He looked at me in sheer amazement; and then, "What a question!" he cried. "I should say that we have long known that it isn't"
"Then," I said, "if so, we know that the Good cannot be realized."
"What!" he exclaimed. "I had not understood that your conception of the Good involved the idea of personal immortality."
"I am almost afraid it does," I replied, "but I am not quite sure.
We have already touched upon the point, if you remember, when we were considering whether we must regard the Good as realizable in ourselves, or only in some generation of people to come. And we thought then that it must somehow be realizable in us."
"But we did not see at the time what that would involve, though I was afraid all along of something of the kind."
"Well," I said, "for fear you should think you have been cheated, we will reconsider the point; and first, if you like, we will suppose that we mean by the Good of some future generation, still retaining for Good the signification we gave to it. The question then of whether or no the Good can be realized, will be the question whether or no it is possible that at some future time all individuals should be knit together in that ultimate relation which we called love."
"But," cried Leslie, "the love was to be eternal! So that _their_ souls at least would have to be immortal; and if theirs, why not ours?"
I looked at Wilson; and "Well," I said, "what are we to say?"
"For my part," he replied, "I have nothing to say. I consider the whole idea of immortality illegitimate."
"Yet on that," I said, "hangs the eternal nature of our Good. But may we retain, perhaps, the all-comprehensiveness?"
"How could we!" cried Leslie, "for it is only the individuals who happened to be alive who could be comprehended so long as they were alive."

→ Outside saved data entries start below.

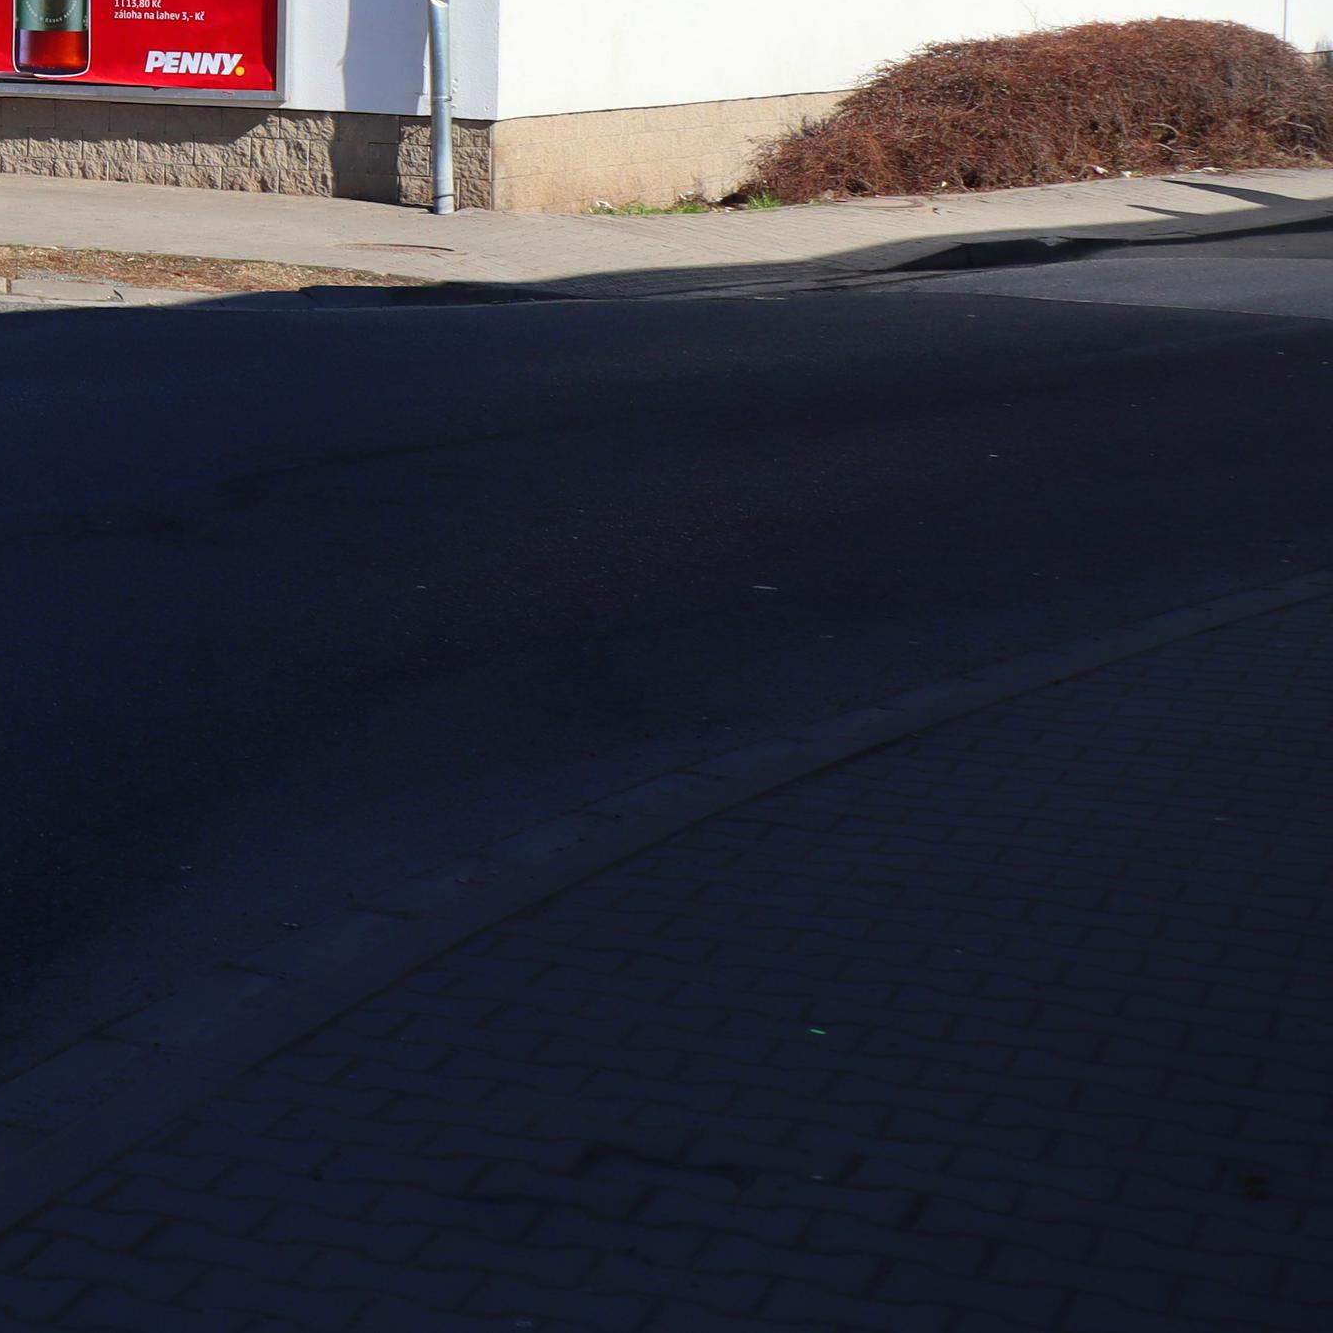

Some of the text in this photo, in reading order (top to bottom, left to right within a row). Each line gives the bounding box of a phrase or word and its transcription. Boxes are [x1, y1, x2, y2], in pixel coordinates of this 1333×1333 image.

[114, 9, 142, 20] záloha
[143, 12, 155, 20] na
[156, 11, 181, 20] lahev
[194, 11, 205, 21] Kč
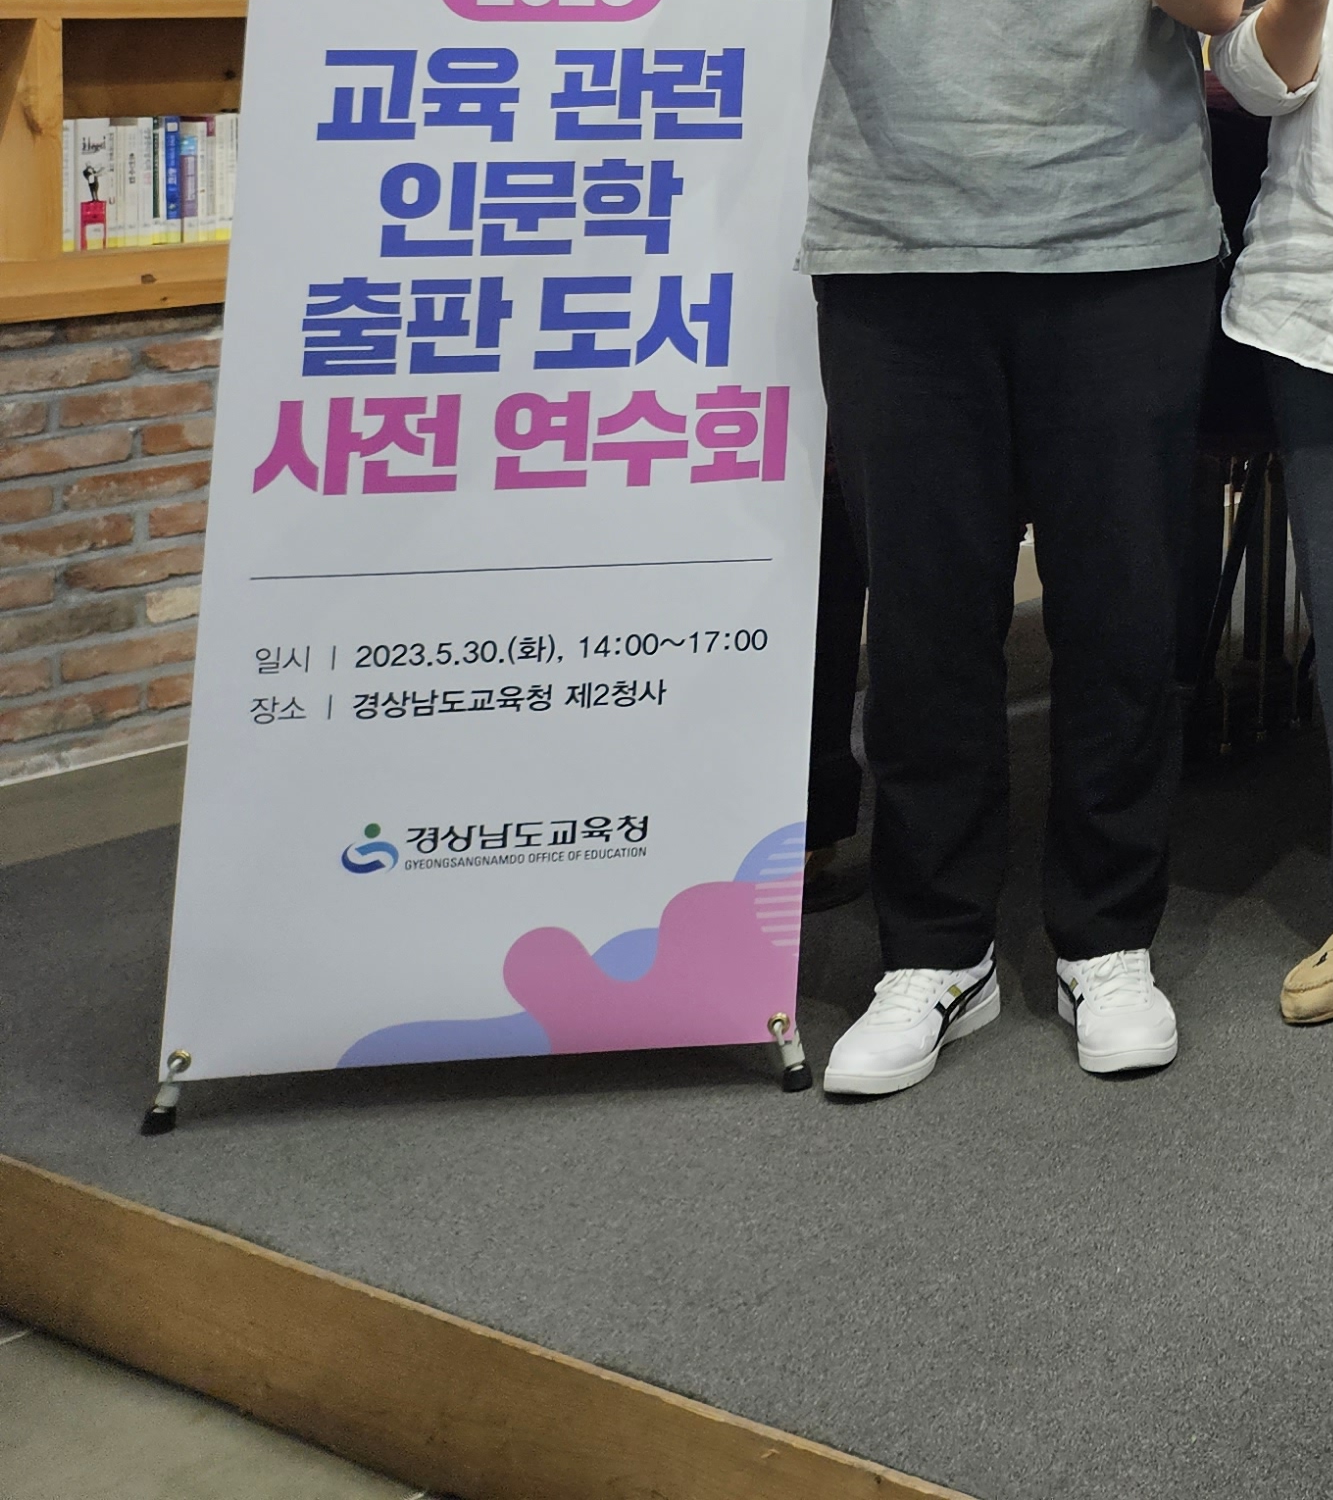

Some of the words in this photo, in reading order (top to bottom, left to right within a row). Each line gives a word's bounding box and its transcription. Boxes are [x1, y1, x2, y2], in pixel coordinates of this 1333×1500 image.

[316, 46, 520, 143] 교육
[550, 47, 746, 141] 관련
[379, 158, 685, 259] 인문학
[301, 276, 514, 377] 출판
[533, 272, 734, 370] 도서
[252, 393, 462, 496] 사전
[493, 384, 791, 491] 연수회
[254, 645, 311, 676] 일시
[354, 635, 565, 671] 2023.5.30.(화),
[249, 696, 308, 725] 장소
[351, 685, 554, 721] 경상남도교육청
[564, 678, 668, 710] 제2청사
[403, 852, 526, 872] GYEONGSANGNAMDO
[527, 850, 566, 864] OFFICE
[567, 849, 583, 862] OF
[584, 845, 648, 861] EDUCATION
[405, 814, 651, 855] 경상남도교육청

"Another glory shorn from our Good!" I said. "Still, let us hold fast to what we may! Shall we say that if the Good is to be realized the individuals then alive, so long as they are alive, will be bound together in this relation?"
"You can say that if you like," said Wilson, "and something of that kind I suppose one would envisage as the end. Only I'm not sure that I very well know what you mean by love."
"Alas!" I cried, "is even that to go? Is nothing at all to be left of my poor conception?"
"You, can say if you like," he replied, "and I suppose it comes to much the same thing, that all individuals will be related in a perfectly harmonious way."
"In other words," cried Ellis, "that you will have a society perfectly definite, heterogeneous, and co-ordinate! 'There's glory for you!' as Humpty Dumpty said."
"Well," I said, "this is something very different from what we defined to be Good! But this, at any rate, you think, on grounds of positive science, that it might be possible to realize?"
"Yes," replied Wilson; "or if not that, I think at any rate that science may ultimately be in a position to decide whether or no it can be realized."
"But," I said, "do you not think the same about personal immortality?"
"To be honest," he replied, "I do not think that the question of personal immortality is one which science ought even to entertain."
"But," I urged, "I thought science was beginning to entertain it. Does not the 'Society for Psychical Research' deal with such questions?"
"'The Society for Psychical Research!'" he exclaimed. "I do not call that science."
"Well," I said, "at any rate there are men of a scientific turn of mind connected with it" And I mentioned the names of one or two, whereupon Wilson broke out into indignation, declaring with much vehemence that the gentlemen in question were bringing discredit both upon themselves and the University to which they belonged; and then followed a discussion upon the proper objects and methods of science, which I do not exactly recall. Only I remember that Wilson took up a position which led Ellis, with some justice as I thought, to declare that science appeared to be developing all the vices of theology without any of its virtues--the dogmatism, the "index expurgatorius,"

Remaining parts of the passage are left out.